- _WHAT IS REQUIRED_: Exactly as written, print out each entry in the data, with no pictures.

- _DATA TO USE_:
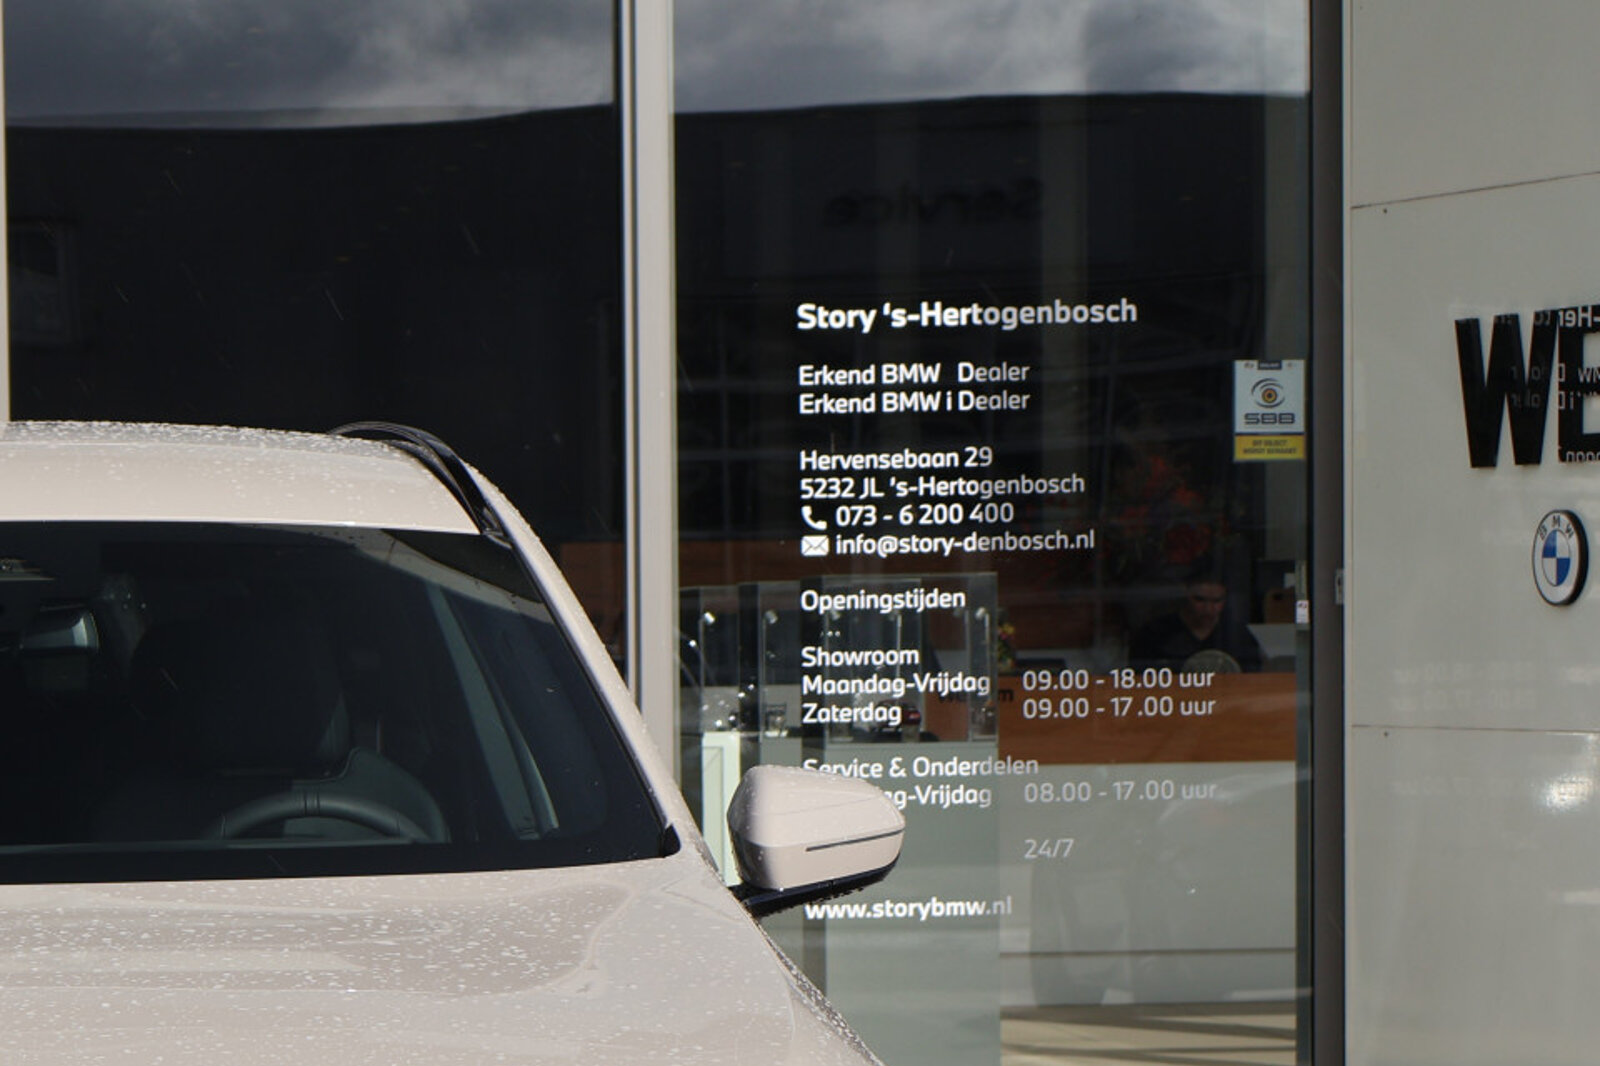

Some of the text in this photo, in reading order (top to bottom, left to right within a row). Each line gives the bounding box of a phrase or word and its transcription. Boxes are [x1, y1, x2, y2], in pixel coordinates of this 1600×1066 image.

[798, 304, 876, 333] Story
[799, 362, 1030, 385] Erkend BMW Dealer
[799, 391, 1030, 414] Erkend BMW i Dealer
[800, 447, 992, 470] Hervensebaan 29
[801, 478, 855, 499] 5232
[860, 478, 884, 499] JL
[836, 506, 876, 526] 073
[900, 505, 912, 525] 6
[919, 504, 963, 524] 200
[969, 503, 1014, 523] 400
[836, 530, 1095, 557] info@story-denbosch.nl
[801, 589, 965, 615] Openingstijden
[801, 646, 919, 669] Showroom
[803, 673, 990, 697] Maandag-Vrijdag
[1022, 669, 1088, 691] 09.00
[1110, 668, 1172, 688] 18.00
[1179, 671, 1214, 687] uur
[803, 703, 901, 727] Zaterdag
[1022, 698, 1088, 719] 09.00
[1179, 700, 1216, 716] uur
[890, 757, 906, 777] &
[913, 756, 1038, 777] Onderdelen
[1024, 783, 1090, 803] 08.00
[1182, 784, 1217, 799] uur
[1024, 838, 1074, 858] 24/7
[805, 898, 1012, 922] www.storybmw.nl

- _WRITTEN SOLUTION_:
Some of the text in this photo, in reading order (top to bottom, left to right within a row). Each line gives the bounding box of a phrase or word and its transcription. Boxes are [x1, y1, x2, y2], in pixel coordinates of this 1600×1066 image.

[798, 304, 876, 333] Story
[799, 362, 1030, 385] Erkend BMW Dealer
[799, 391, 1030, 414] Erkend BMW i Dealer
[800, 447, 992, 470] Hervensebaan 29
[801, 478, 855, 499] 5232
[860, 478, 884, 499] JL
[836, 506, 876, 526] 073
[900, 505, 912, 525] 6
[919, 504, 963, 524] 200
[969, 503, 1014, 523] 400
[836, 530, 1095, 557] info@story-denbosch.nl
[801, 589, 965, 615] Openingstijden
[801, 646, 919, 669] Showroom
[803, 673, 990, 697] Maandag-Vrijdag
[1022, 669, 1088, 691] 09.00
[1110, 668, 1172, 688] 18.00
[1179, 671, 1214, 687] uur
[803, 703, 901, 727] Zaterdag
[1022, 698, 1088, 719] 09.00
[1179, 700, 1216, 716] uur
[890, 757, 906, 777] &
[913, 756, 1038, 777] Onderdelen
[1024, 783, 1090, 803] 08.00
[1182, 784, 1217, 799] uur
[1024, 838, 1074, 858] 24/7
[805, 898, 1012, 922] www.storybmw.nl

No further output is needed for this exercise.